A few years ago I released a preset pack on a Tuesday night, mostly because I’d spent the entire weekend building it and felt too stubborn to let it sit on my hard drive. I named every preset after a song, priced the pack at zero dollars, and went to bed. By Friday it had 50,000 downloads. The number wasn’t the surprising part. The surprising part was how many people emailed me to say the presets “weren’t working” because their photos looked nothing like the preview images on the download page.

That’s when I realized the gap isn’t about presets being good or bad. It’s about what people think a preset does versus what it actually does.

A Preset Is a Starting Point, Not a Filter

When you apply a preset in Lightroom, you’re not layering an effect on top of a finished image the way you would in Instagram. You’re changing a set of raw development instructions that Lightroom is using to interpret your sensor data. The underlying file, whether it’s a CR3, ARW, or NEF, doesn’t change at all. What changes is the recipe Lightroom follows when it renders that data into the image you see on screen.

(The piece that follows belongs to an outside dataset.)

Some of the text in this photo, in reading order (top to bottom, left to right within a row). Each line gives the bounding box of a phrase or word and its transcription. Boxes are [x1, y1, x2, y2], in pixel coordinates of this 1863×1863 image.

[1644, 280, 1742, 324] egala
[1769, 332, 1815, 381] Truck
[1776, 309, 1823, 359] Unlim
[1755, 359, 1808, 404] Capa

This distinction matters because it explains why the same preset can look completely different across two photos shot in the same location. If one image was exposed at ISO 400 and another at ISO 3200, the tonal distribution is fundamentally different before the preset even touches it. A preset that pulls shadows down by 40 points and pushes contrast to +35 is going to wreck the darker image while making the brighter one look cinematic. Same preset, opposite results.

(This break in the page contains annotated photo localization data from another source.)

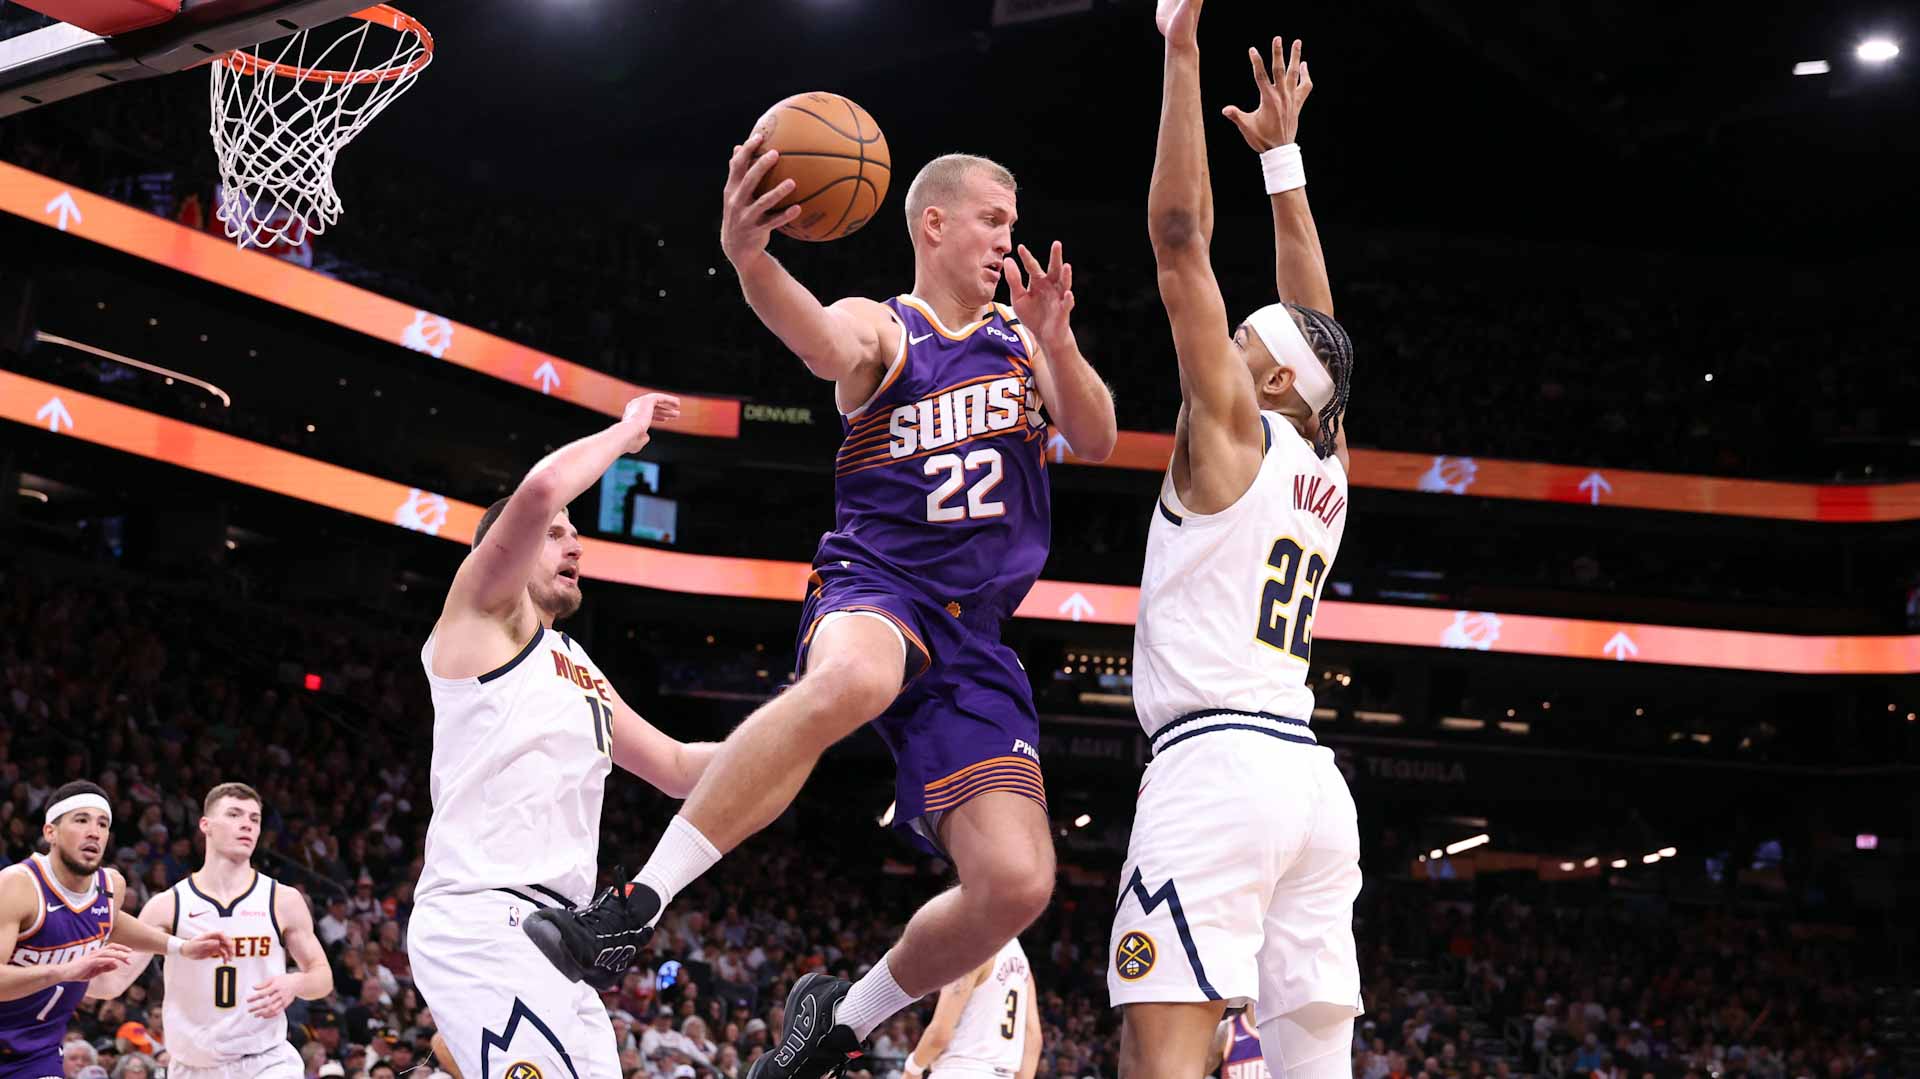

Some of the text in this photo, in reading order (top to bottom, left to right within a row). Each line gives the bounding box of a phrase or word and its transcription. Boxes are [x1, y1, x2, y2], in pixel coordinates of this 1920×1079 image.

[986, 326, 1019, 342] PaPal
[890, 377, 1020, 459] SUNS
[924, 448, 1006, 522] 22
[1293, 474, 1346, 529] NNAJI
[1254, 535, 1328, 665] 22
[1366, 757, 1466, 783] TEQUILA
[36, 985, 64, 1021] 1
[214, 964, 237, 1009] 0
[774, 993, 817, 1068] AIR
[1000, 989, 1018, 1041] 3
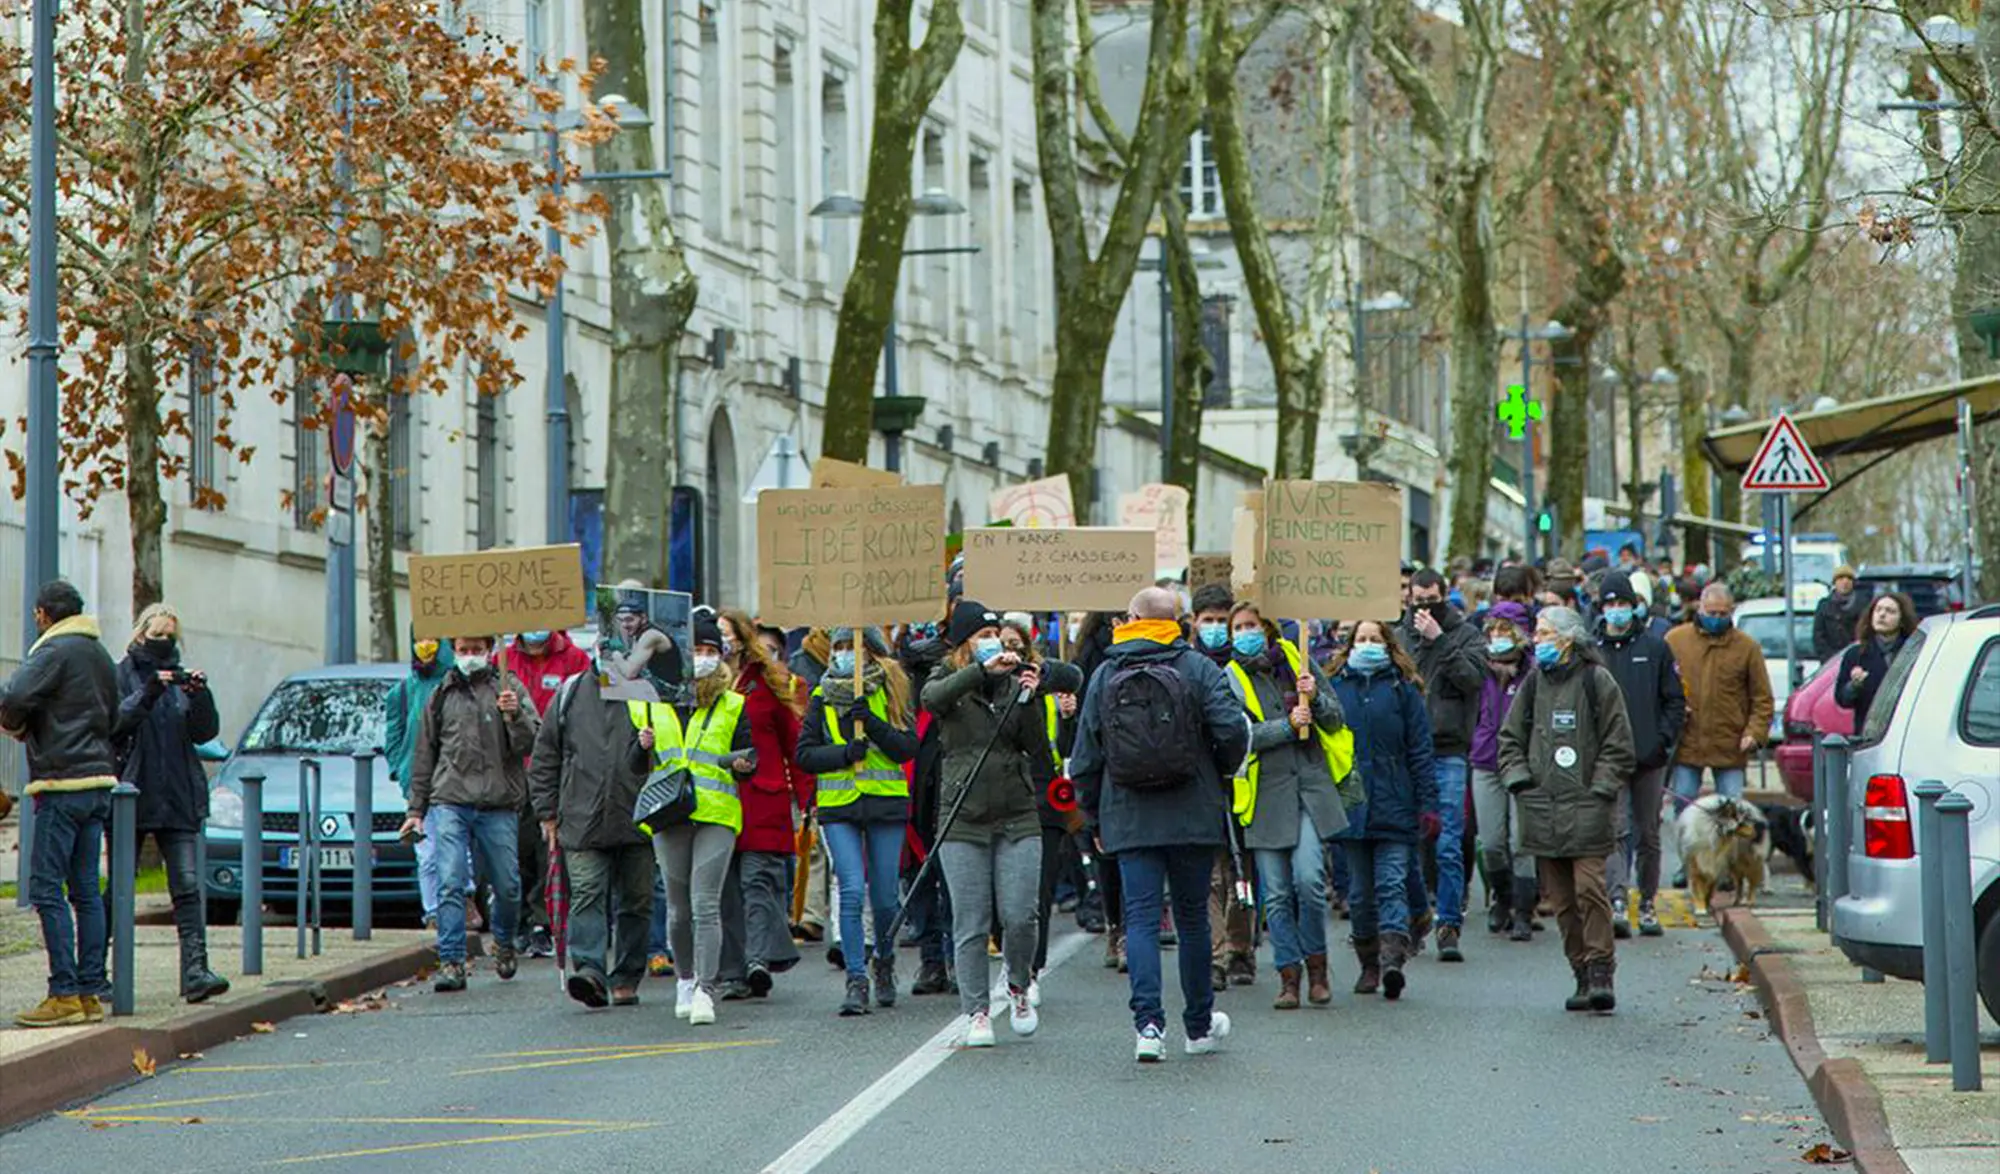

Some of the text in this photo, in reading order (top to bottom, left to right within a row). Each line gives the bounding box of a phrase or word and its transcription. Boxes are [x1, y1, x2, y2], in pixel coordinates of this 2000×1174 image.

[777, 503, 799, 516] un
[803, 498, 832, 518] jour
[843, 501, 863, 515] un
[772, 517, 938, 566] LIBÉRONS
[972, 533, 995, 547] EN
[1266, 518, 1389, 543] EINEMENT
[1306, 549, 1346, 569] NOS
[420, 557, 559, 591] REFORME
[772, 564, 945, 610] LA PAROLE
[422, 587, 575, 617] DE LA CHASSE

The Settings That Actually Drive the Look

Most presets you’ll encounter are adjusting a handful of key parameters: white balance (temperature and tint), the tone curve, HSL sliders, color grading (the three-way wheels in the Color Grading panel), and sometimes grain and vignette. Understanding which of these is doing the heavy lifting in any preset tells you exactly where to start when something looks off.

The tone curve is usually the backbone of any cinematic or film-emulation preset. A lifted black point, where the shadows end around 15-25 on the output scale instead of 0, creates that faded, analog look. The HSL panel is where skin tones live. If a portrait preset is turning faces orange or red, the Hue slider for orange is probably shifted more than 10-15 degrees away from center, and pulling it back toward 0 fixes it in about two seconds. Color grading is where presets get their mood. Shadows pushed slightly toward teal at 10-20% saturation with highlights leaning warm is the formula behind roughly half of the “moody” presets on the market right now.

How to Adapt Any Preset to Your Own Raw Files

The workflow I use with every preset, whether it’s one I built or one I downloaded, is the same three-step process. First, I set my exposure correctly before applying the preset. Not perfectly, but close. Within half a stop. Presets assume a reasonably exposed starting point and most were built from raw files shot in decent light.

Second, I apply the preset and immediately check three things: the histogram for clipping, the skin tones if there are people in the frame, and the overall white balance. White balance is almost always the first thing I adjust after applying. Most preset creators shoot in different lighting conditions than you do. If they built something indoors under tungsten light and you’re shooting in golden hour, the temperature is going to need a correction of 200 to 500 Kelvin in one direction.

Third, I treat the preset as a draft, not a decision. I go into the tone curve and HSL panels and make small corrections, usually nothing larger than 10-15 points in either direction. That’s usually all it takes to make a preset feel like it was made for your specific image.

Where Preset Packs Go Wrong (and What to Look For Instead)

The preset market is genuinely overcrowded, and the previews are often shown on photos that were chosen specifically because they respond well to that particular look. A warm, desaturated film preset will look incredible on a backlit portrait shot at f/1.8 in open shade. It’ll look muddy and gray on an indoor event photo with mixed lighting at ISO 1600.

Before buying a preset pack, I’d look for two things. First, does the creator show the before and after on a variety of different images, not just one hero shot? Second, are the preview images similar to what you actually shoot? A wedding photographer and an adventure travel photographer need completely different starting points. A preset pack shouldn’t try to be both.

Price doesn’t track with quality at all in this space. I’ve used $8 packs from individual photographers on Gumroad that outperformed $90 packs from well-known brands. The preset I’ve used most consistently for the last two years costs nothing because I built it myself one weekend while a Joni Mitchell record was playing and named it “Blue,” for obvious reasons.

Syncing Presets Across a Full Shoot Without Losing Your Mind

Once you find a preset that works for a specific lighting situation, Lightroom’s sync workflow becomes very fast. Apply the preset, make your adjustments on one image, then select all the photos from that same lighting setup, right-click the adjusted image, and use “Sync Settings.” In the sync dialog, check the boxes for everything except Spot Removal and Crop. That takes a set of 200 images from raw files to a consistent, color-graded starting point in under a minute.

From there, most images need only minor individual exposure tweaks. Maybe 20% of photos in a typical shoot need anything beyond that. The rest are done.

Presets save time, but only if you understand what you’re asking them to do. Use them as a calibrated starting point for your raw data, not as a one-click answer, and they become one of the most efficient tools in Lightroom.